**INSTRUCTIONS FOR THE TASK:** Keeping every word the same, give again only the lines from the one with "this 1904×1428 image." through the end of the data, both included, and leave every picture out.

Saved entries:

::::::::::

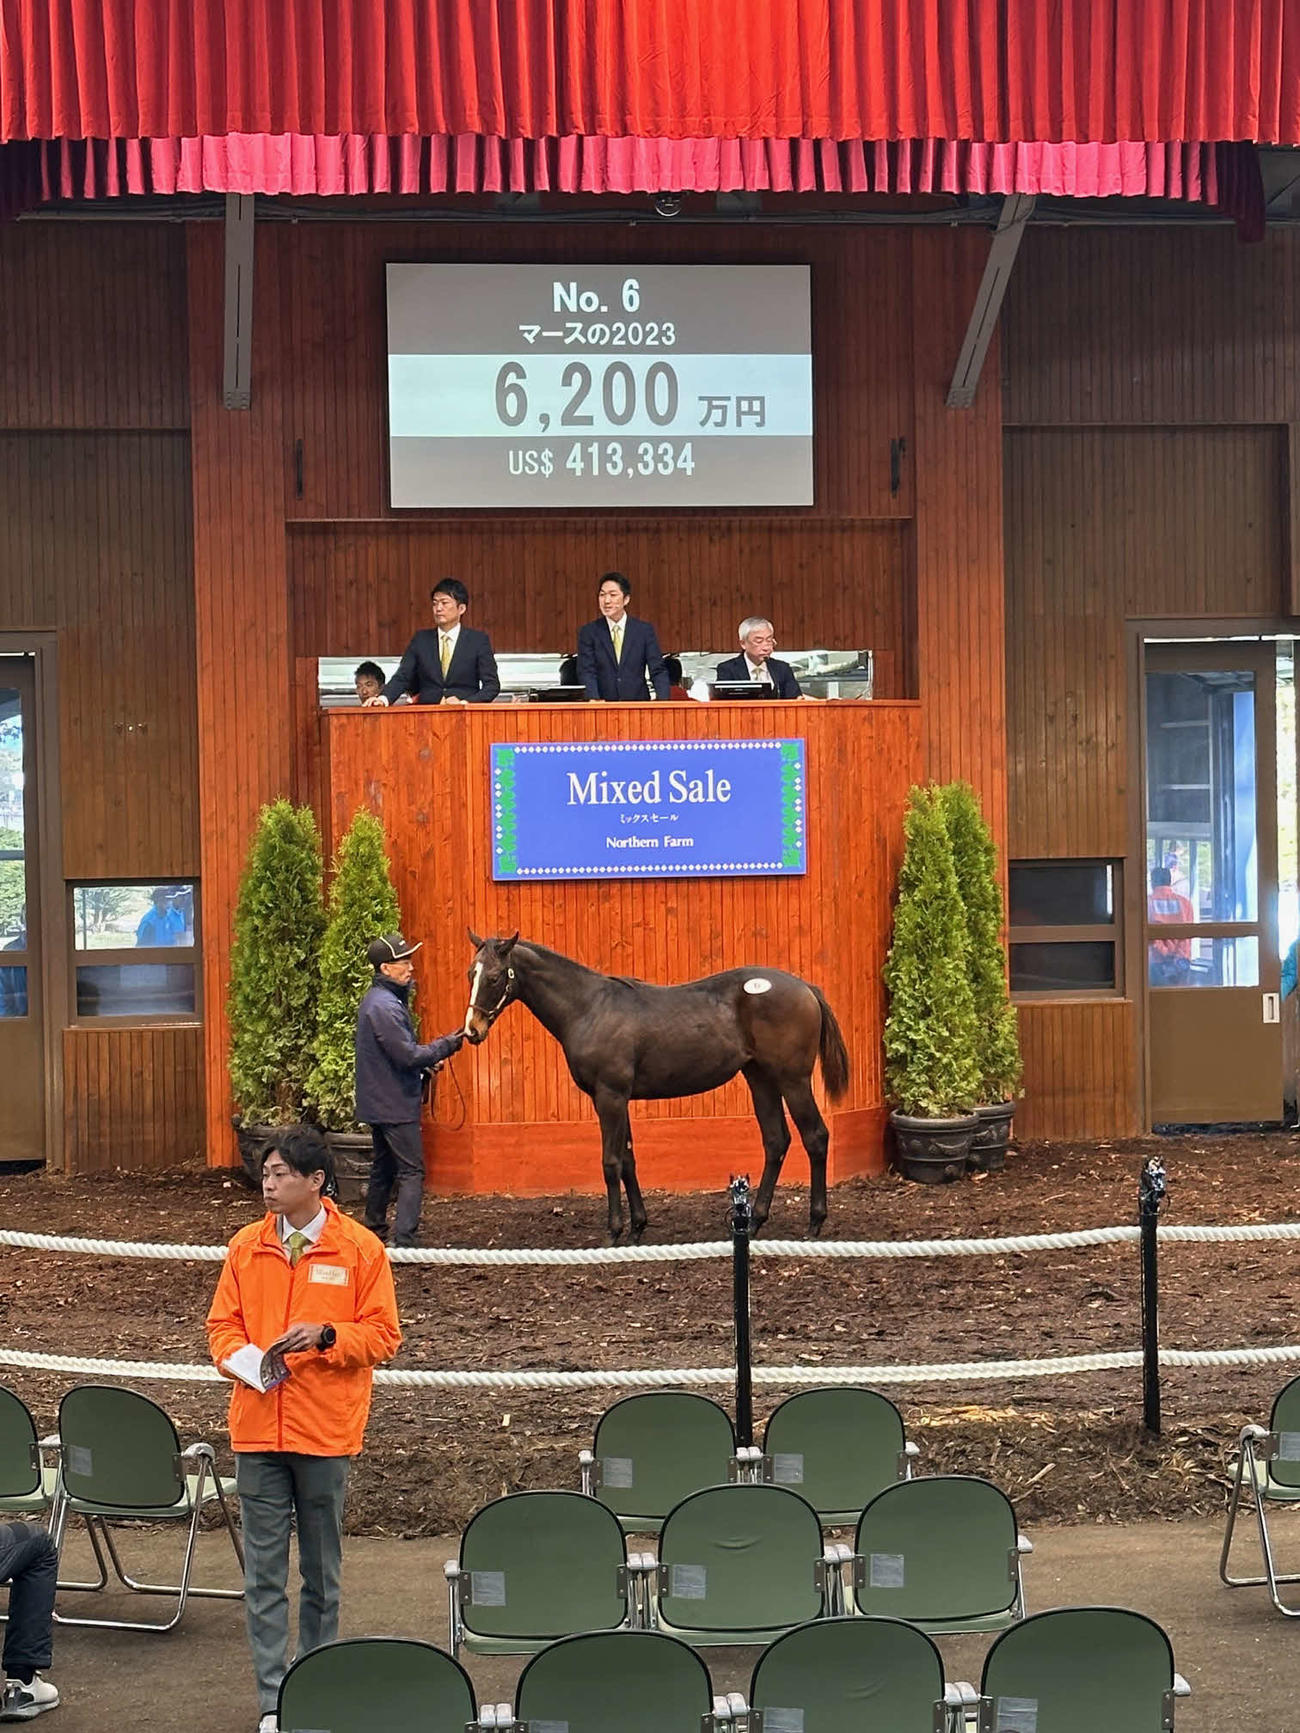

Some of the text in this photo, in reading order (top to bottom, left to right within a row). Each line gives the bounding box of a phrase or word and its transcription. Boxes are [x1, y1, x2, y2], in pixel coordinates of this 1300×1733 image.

[553, 278, 640, 312] No. 6
[518, 322, 676, 346] マースの2023
[495, 360, 766, 432] 6,200 万円
[508, 442, 695, 478] US$ 413,334
[567, 769, 732, 805] Mixed Sale
[620, 813, 679, 824] ミックスセール
[606, 835, 694, 848] Northern Farm
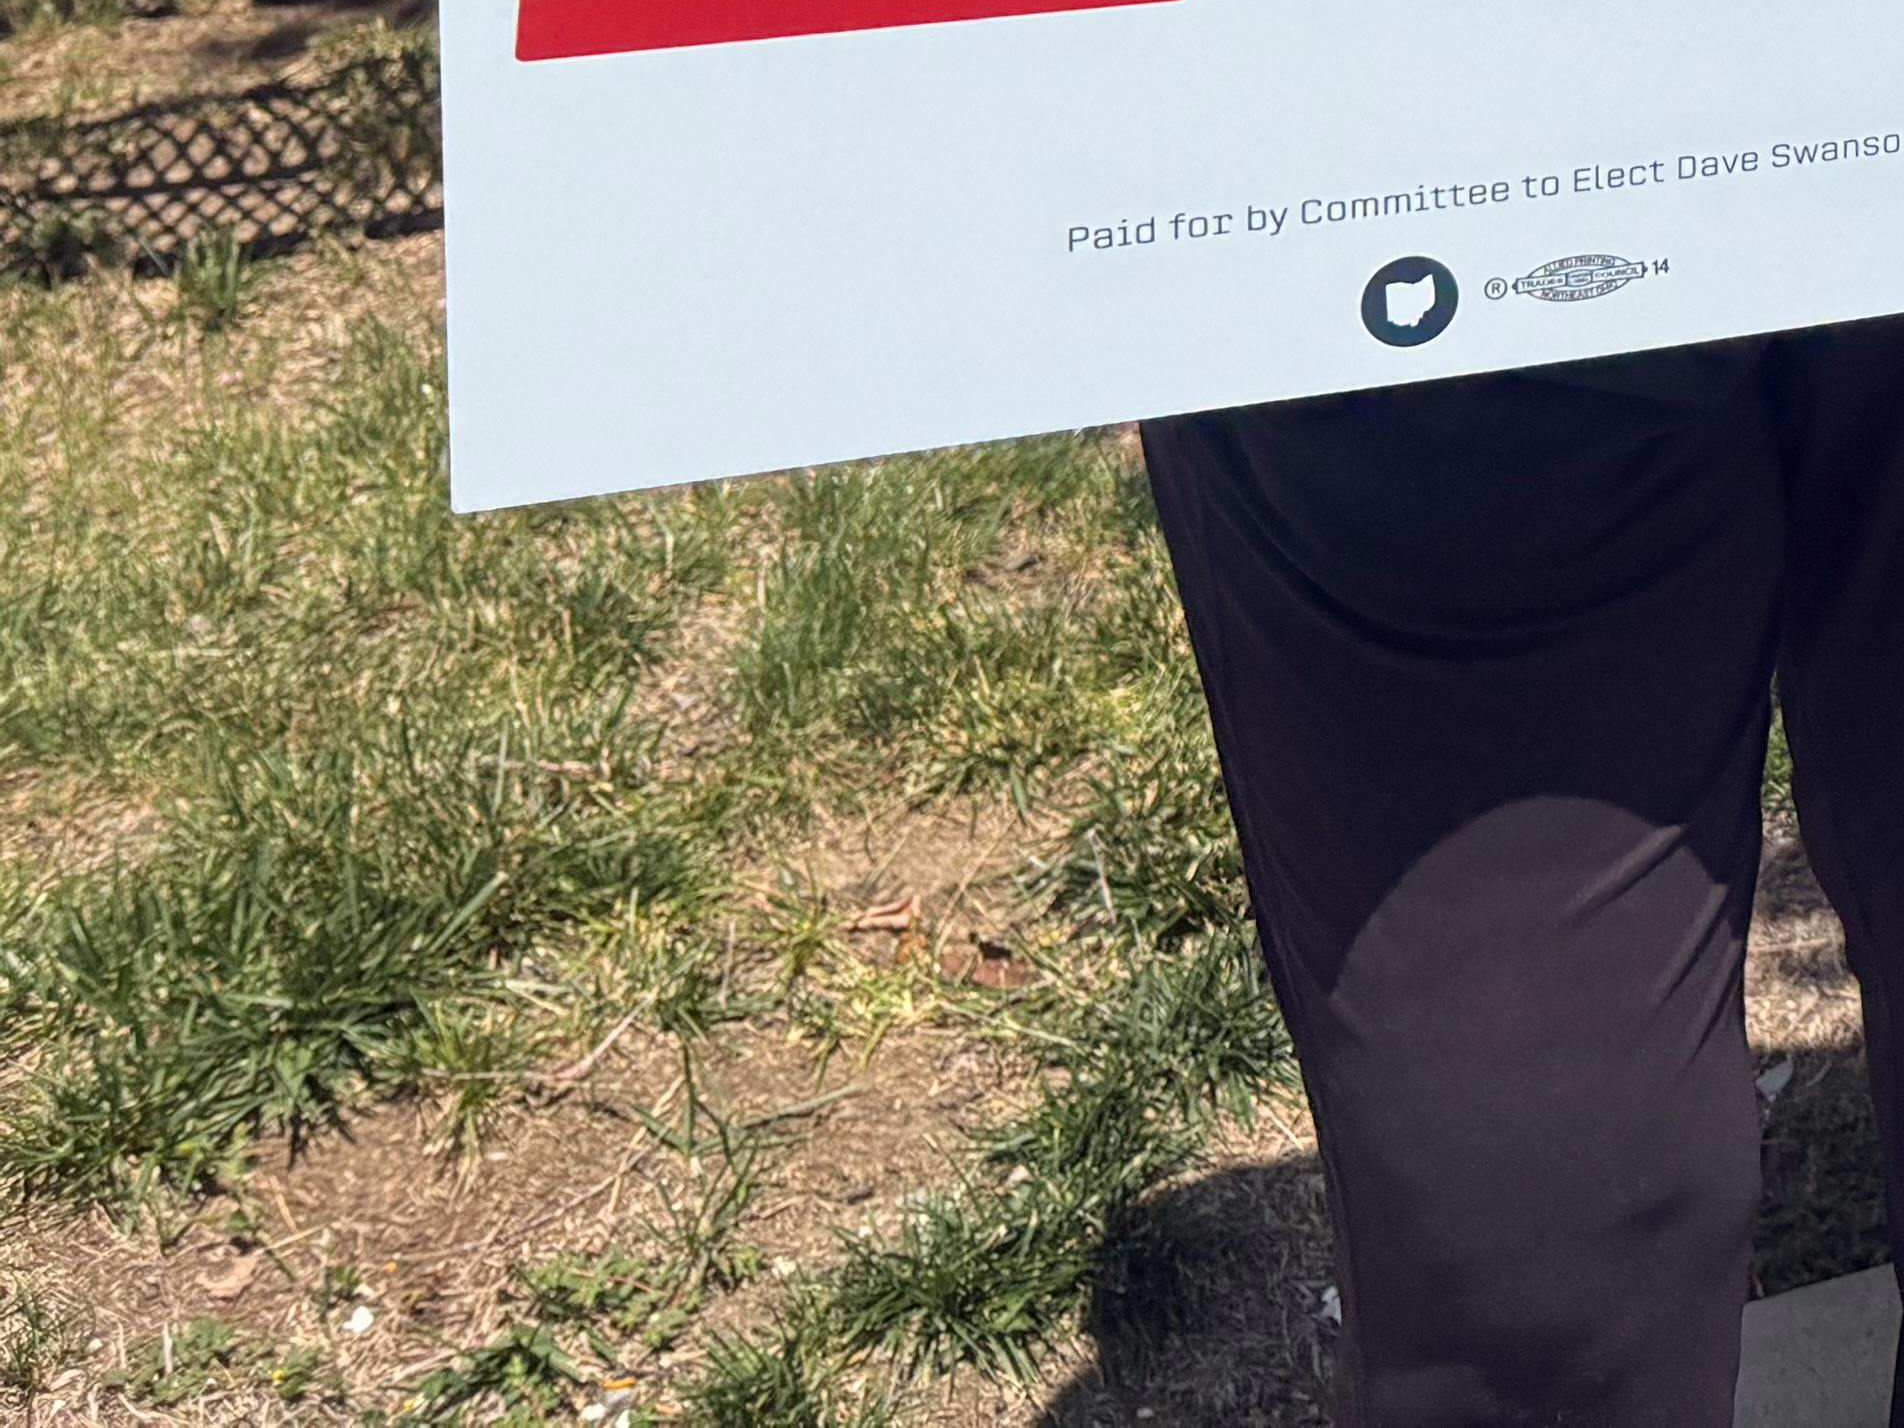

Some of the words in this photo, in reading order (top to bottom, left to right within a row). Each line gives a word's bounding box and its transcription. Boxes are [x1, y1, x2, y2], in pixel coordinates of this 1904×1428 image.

[1067, 215, 1155, 253] Paid
[1169, 209, 1235, 242] for
[1246, 201, 1290, 237] by
[1300, 177, 1511, 227] Committee
[1521, 170, 1562, 200] to
[1573, 157, 1667, 195] Elect
[1676, 144, 1760, 182] Dave
[1652, 258, 1669, 275] 14
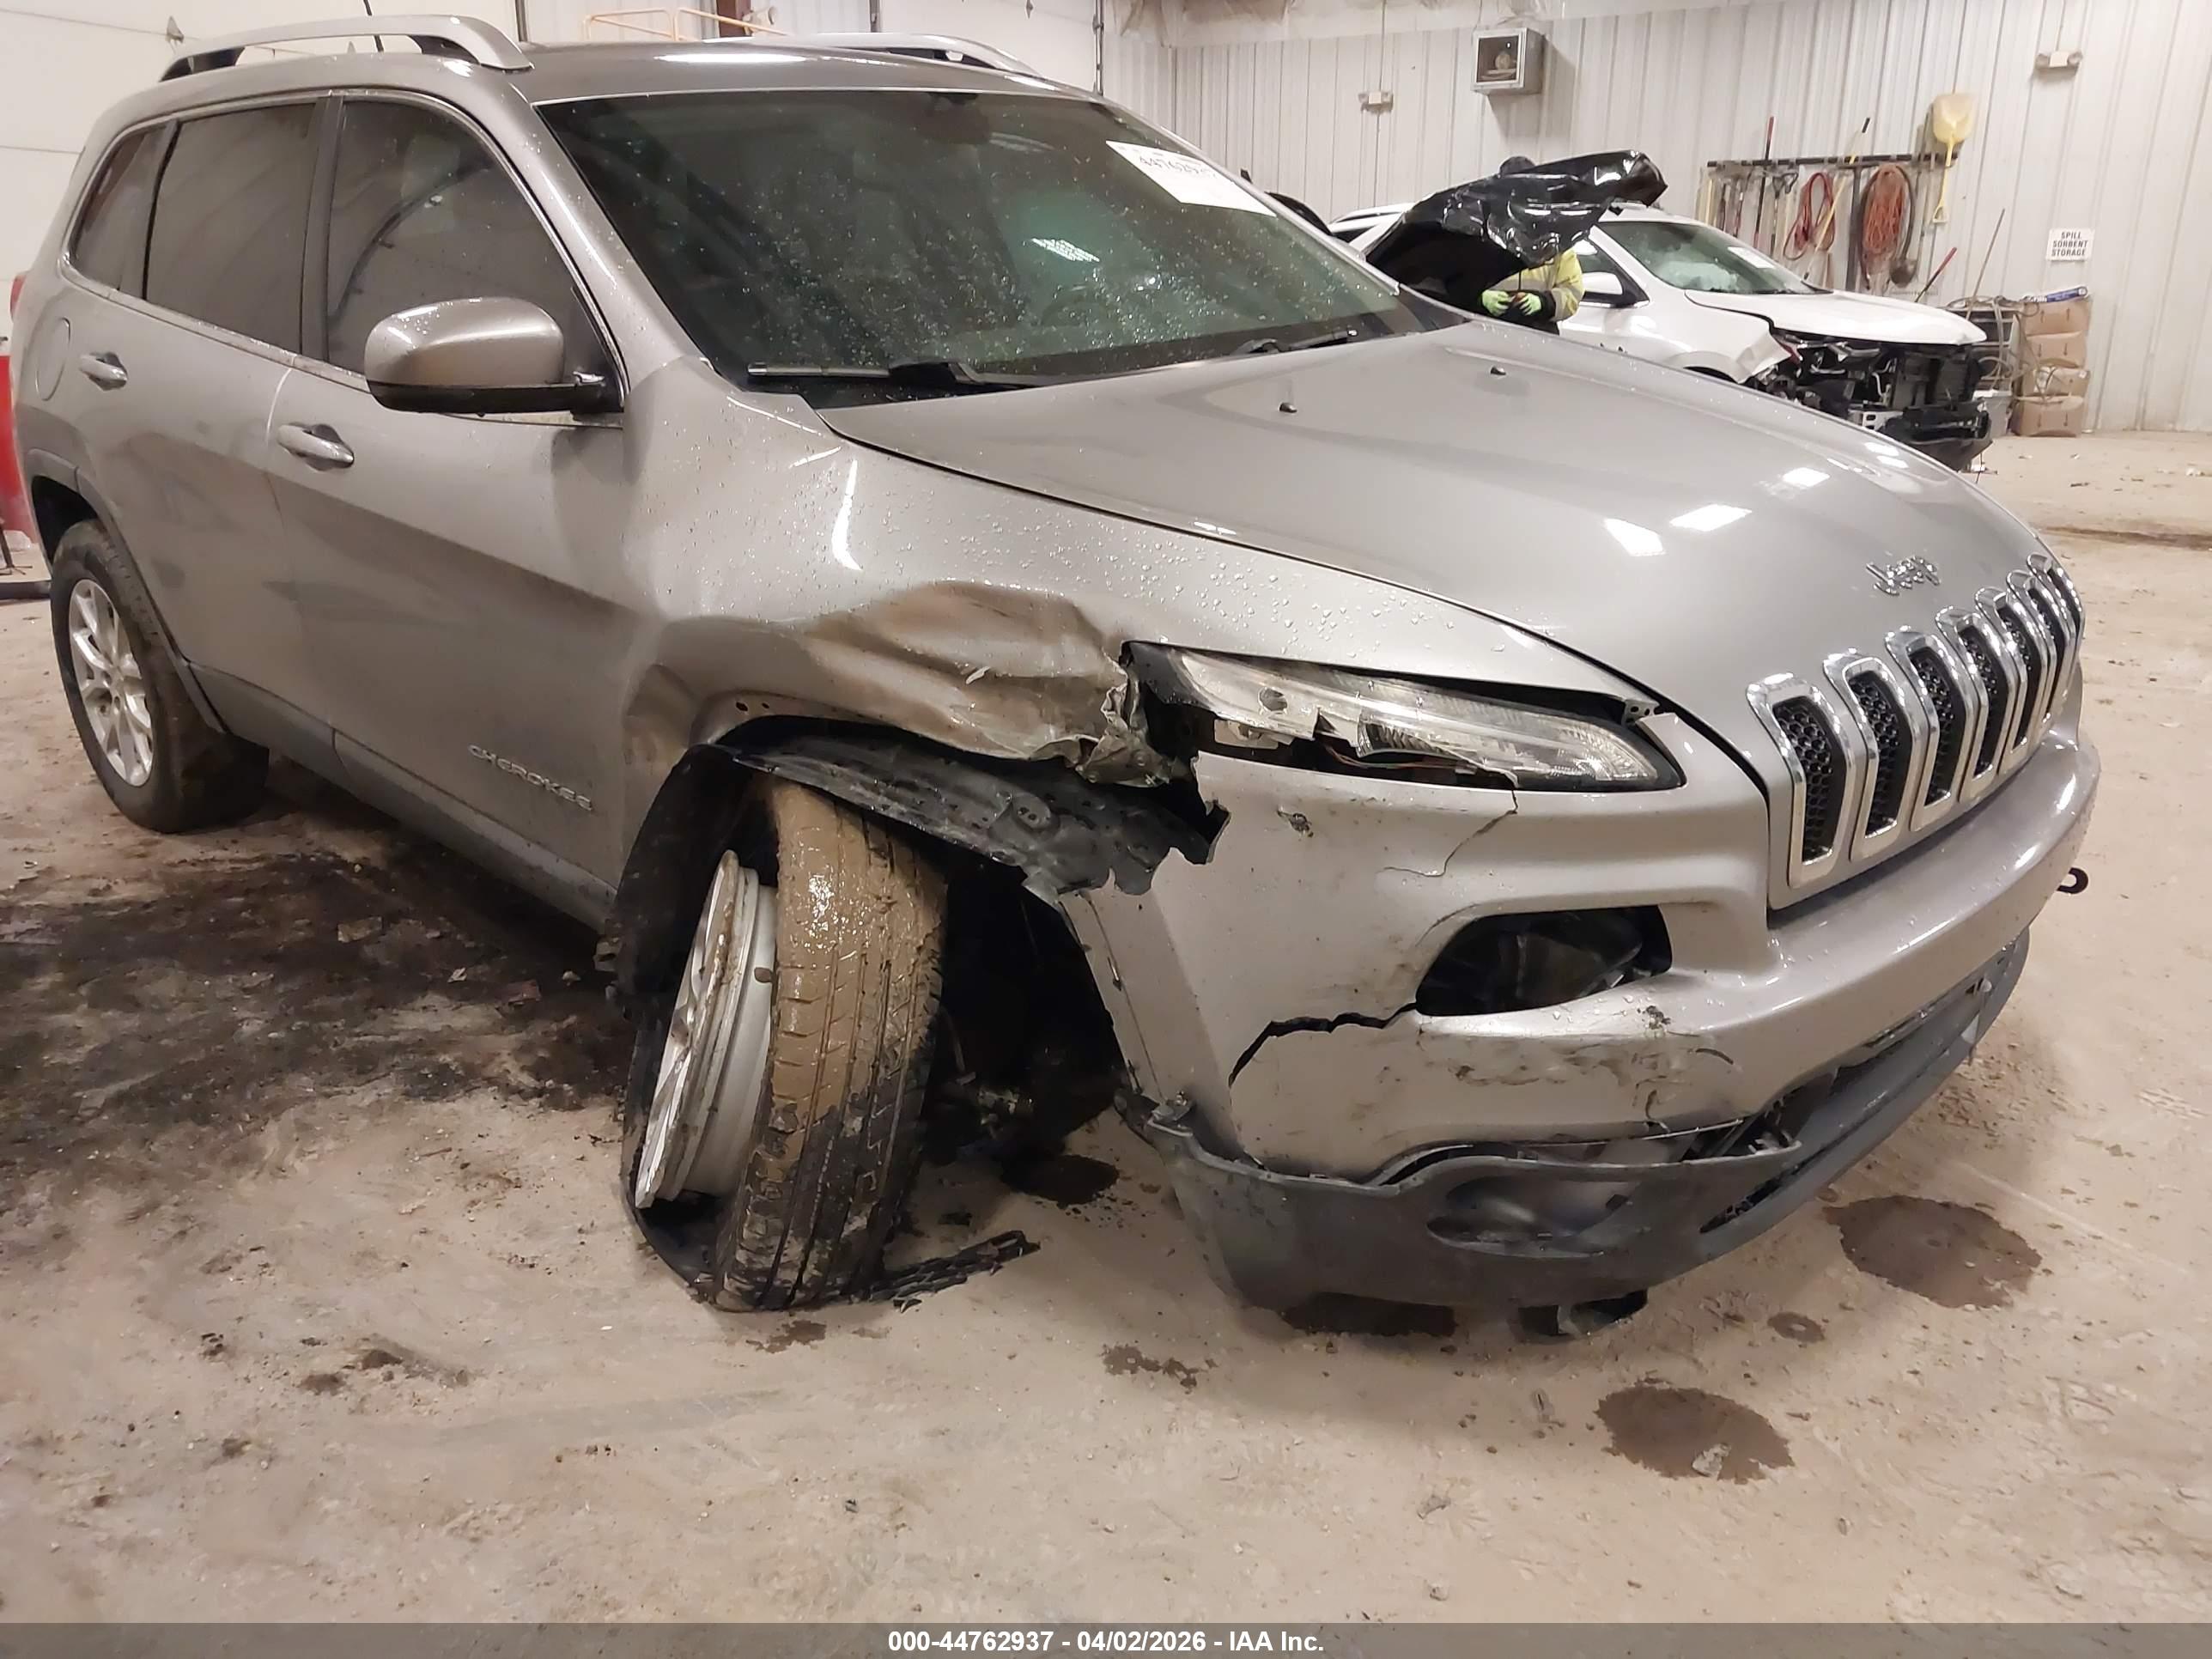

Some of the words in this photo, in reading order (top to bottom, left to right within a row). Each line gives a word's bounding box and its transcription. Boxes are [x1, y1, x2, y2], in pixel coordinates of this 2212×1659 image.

[2061, 231, 2081, 240] SPILL
[2053, 240, 2088, 248] SORBENT
[2051, 248, 2085, 257] STORAGE
[1866, 556, 1941, 596] Jeep
[468, 744, 592, 811] CHEROKEE

::::::::::

**ANSWER BELOW:**
Some of the words in this photo, in reading order (top to bottom, left to right within a row). Each line gives a word's bounding box and its transcription. Boxes are [x1, y1, x2, y2], in pixel coordinates of this 1904×1428 image.

[1067, 215, 1155, 253] Paid
[1169, 209, 1235, 242] for
[1246, 201, 1290, 237] by
[1300, 177, 1511, 227] Committee
[1521, 170, 1562, 200] to
[1573, 157, 1667, 195] Elect
[1676, 144, 1760, 182] Dave
[1652, 258, 1669, 275] 14

Some of the words in this photo, in reading order (top to bottom, left to right within a row). Each line gives a word's bounding box and its transcription. Boxes are [x1, y1, x2, y2], in pixel coordinates of this 2212×1659 image.

[2061, 231, 2081, 240] SPILL
[2053, 240, 2088, 248] SORBENT
[2051, 248, 2085, 257] STORAGE
[1866, 556, 1941, 596] Jeep
[468, 744, 592, 811] CHEROKEE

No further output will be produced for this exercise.